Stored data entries
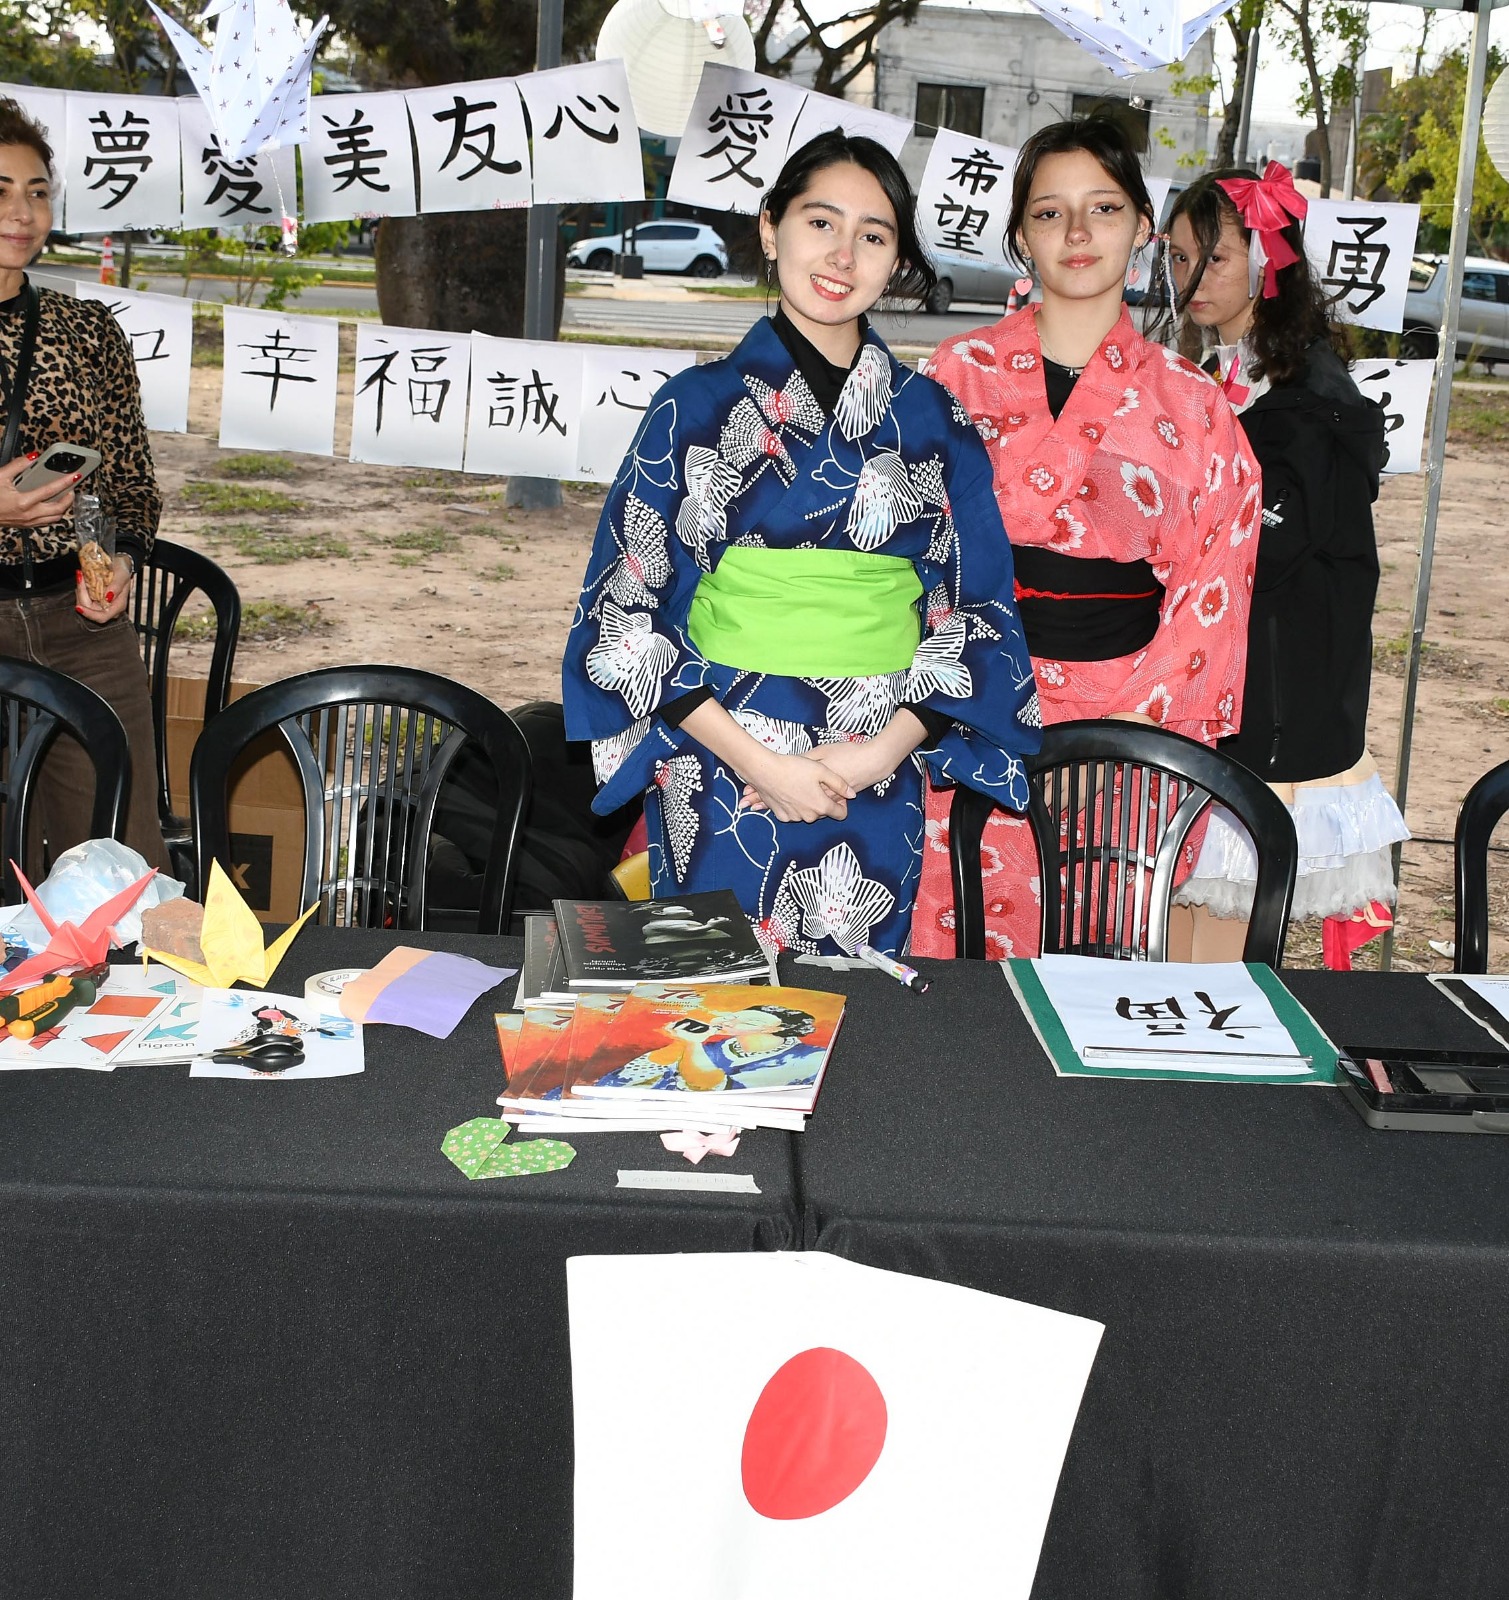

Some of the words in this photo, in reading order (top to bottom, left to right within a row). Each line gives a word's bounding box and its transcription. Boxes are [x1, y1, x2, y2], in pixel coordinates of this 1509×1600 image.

[83, 111, 153, 210] 夢
[323, 109, 391, 193] 美
[433, 96, 522, 182] 友
[543, 95, 620, 144] 心
[698, 88, 774, 188] 愛
[933, 148, 1005, 256] 希望
[1321, 216, 1390, 314] 勇
[238, 329, 317, 411] 幸
[356, 338, 452, 435] 福
[488, 370, 568, 437] 誠
[138, 1042, 195, 1050] Pigeon

→ Action item:
Print the data once more without any change, skipping each picture.

→ Answer below:
Some of the words in this photo, in reading order (top to bottom, left to right within a row). Each line gives a word's bounding box and its transcription. Boxes are [x1, y1, x2, y2], in pixel coordinates of this 1509×1600 image.

[83, 111, 153, 210] 夢
[323, 109, 391, 193] 美
[433, 96, 522, 182] 友
[543, 95, 620, 144] 心
[698, 88, 774, 188] 愛
[933, 148, 1005, 256] 希望
[1321, 216, 1390, 314] 勇
[238, 329, 317, 411] 幸
[356, 338, 452, 435] 福
[488, 370, 568, 437] 誠
[138, 1042, 195, 1050] Pigeon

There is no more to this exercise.